Find the line containing "this 1344×1512 image.". Reproduce it and every line after it up to the end of the records, exactly as written.

Stored data entries:
________

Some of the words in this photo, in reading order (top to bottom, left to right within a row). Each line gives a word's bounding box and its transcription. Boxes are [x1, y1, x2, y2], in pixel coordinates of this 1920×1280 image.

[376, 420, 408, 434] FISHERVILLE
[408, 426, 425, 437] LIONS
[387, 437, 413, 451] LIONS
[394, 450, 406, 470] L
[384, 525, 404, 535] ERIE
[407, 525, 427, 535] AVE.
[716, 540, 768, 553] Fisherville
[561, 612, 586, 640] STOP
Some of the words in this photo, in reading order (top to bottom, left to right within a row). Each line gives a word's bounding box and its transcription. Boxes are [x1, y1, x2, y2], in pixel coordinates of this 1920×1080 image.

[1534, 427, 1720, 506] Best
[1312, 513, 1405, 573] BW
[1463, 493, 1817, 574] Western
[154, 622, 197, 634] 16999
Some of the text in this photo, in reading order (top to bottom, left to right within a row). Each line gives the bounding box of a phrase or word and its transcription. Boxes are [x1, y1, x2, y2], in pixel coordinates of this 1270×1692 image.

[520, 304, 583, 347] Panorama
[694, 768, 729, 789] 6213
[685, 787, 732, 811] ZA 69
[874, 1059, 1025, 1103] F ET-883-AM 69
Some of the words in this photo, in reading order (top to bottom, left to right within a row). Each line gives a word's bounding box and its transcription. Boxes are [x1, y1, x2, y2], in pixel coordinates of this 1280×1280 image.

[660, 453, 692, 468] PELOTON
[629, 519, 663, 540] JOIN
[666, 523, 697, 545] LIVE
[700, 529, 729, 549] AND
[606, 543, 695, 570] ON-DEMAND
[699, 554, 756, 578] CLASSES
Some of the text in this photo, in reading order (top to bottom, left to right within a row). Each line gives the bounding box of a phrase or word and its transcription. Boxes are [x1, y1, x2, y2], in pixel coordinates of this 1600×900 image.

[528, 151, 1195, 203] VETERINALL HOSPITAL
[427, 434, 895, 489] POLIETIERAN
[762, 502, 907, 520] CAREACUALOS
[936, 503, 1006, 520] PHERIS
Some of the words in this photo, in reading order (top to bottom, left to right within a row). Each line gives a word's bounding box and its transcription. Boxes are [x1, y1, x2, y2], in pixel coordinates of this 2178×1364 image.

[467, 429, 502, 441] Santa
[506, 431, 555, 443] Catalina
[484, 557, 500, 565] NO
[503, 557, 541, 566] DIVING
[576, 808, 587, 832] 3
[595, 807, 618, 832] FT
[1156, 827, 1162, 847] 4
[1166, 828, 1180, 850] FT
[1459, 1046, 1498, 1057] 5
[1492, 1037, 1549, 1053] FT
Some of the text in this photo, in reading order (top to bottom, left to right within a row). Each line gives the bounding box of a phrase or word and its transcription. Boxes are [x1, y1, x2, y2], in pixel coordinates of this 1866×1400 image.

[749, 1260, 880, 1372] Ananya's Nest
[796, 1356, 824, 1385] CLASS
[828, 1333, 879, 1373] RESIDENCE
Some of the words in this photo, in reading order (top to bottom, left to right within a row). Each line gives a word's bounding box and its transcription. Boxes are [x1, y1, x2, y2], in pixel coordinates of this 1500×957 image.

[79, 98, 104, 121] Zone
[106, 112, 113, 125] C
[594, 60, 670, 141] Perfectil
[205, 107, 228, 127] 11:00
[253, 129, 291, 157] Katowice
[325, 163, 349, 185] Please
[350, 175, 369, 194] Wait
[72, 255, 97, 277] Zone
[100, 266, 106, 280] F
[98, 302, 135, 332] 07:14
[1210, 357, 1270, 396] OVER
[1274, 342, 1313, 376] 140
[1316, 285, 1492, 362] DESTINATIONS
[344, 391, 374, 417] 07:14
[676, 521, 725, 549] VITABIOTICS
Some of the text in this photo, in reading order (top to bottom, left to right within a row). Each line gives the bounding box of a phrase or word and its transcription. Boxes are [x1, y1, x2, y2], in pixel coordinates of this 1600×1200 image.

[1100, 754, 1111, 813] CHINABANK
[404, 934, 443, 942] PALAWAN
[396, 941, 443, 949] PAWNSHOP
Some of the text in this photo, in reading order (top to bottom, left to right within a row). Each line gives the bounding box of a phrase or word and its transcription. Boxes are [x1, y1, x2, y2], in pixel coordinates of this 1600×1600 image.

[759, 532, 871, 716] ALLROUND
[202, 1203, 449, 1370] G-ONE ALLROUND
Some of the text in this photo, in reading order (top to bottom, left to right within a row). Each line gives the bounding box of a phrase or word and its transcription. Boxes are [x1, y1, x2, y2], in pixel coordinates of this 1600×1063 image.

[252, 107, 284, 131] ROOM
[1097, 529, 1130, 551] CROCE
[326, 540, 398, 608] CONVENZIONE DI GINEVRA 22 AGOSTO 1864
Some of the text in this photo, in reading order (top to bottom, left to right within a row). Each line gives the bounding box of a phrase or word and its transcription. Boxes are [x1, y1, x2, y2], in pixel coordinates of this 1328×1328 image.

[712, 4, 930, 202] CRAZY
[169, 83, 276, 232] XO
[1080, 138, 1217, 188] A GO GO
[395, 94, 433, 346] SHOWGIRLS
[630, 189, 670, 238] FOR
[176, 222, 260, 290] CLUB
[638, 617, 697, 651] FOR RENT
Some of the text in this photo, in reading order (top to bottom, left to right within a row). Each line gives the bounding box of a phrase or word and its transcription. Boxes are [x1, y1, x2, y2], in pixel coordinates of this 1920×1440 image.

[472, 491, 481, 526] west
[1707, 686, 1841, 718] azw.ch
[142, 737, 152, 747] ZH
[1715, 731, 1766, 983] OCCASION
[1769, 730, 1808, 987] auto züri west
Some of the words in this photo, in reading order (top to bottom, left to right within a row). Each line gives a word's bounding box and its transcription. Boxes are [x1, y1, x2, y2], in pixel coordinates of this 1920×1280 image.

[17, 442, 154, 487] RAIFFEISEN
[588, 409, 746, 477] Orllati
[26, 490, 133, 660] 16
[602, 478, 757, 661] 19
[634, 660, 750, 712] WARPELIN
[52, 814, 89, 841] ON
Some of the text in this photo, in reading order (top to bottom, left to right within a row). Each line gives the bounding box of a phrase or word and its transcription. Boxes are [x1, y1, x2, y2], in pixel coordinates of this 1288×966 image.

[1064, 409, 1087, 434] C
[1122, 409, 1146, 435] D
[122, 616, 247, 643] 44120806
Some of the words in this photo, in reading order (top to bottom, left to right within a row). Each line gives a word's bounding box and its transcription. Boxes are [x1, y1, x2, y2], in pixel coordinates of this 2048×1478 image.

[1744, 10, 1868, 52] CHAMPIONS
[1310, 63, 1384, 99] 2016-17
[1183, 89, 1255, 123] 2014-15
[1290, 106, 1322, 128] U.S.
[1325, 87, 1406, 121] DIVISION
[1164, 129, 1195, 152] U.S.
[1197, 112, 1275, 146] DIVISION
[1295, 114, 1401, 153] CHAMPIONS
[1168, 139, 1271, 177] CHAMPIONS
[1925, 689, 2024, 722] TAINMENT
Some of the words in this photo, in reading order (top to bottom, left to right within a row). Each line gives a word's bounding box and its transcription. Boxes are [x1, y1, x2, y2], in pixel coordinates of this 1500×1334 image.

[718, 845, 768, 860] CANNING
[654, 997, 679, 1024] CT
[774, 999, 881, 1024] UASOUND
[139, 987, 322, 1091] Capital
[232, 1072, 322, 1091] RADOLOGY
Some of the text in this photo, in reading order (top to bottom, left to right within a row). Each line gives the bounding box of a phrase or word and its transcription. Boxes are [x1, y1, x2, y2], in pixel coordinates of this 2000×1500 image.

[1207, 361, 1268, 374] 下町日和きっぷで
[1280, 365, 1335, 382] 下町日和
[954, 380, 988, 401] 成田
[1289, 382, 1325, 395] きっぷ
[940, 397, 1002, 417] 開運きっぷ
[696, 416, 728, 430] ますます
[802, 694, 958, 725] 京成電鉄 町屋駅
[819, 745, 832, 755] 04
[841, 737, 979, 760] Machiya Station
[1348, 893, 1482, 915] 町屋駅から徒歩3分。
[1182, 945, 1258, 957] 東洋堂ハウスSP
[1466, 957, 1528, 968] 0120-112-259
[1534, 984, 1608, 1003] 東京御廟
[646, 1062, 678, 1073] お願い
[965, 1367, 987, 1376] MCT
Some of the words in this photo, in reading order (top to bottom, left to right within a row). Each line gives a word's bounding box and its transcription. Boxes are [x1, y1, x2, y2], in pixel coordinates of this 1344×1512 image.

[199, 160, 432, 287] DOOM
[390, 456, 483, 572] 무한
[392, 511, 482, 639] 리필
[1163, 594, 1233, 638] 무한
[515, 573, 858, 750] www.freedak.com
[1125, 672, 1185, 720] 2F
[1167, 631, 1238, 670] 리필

________

Task result:
Some of the words in this photo, in reading order (top to bottom, left to right within a row). Each line gives a word's bounding box and its transcription. Boxes are [x1, y1, x2, y2], in pixel coordinates of this 1344×1512 image.

[199, 160, 432, 287] DOOM
[390, 456, 483, 572] 무한
[392, 511, 482, 639] 리필
[1163, 594, 1233, 638] 무한
[515, 573, 858, 750] www.freedak.com
[1125, 672, 1185, 720] 2F
[1167, 631, 1238, 670] 리필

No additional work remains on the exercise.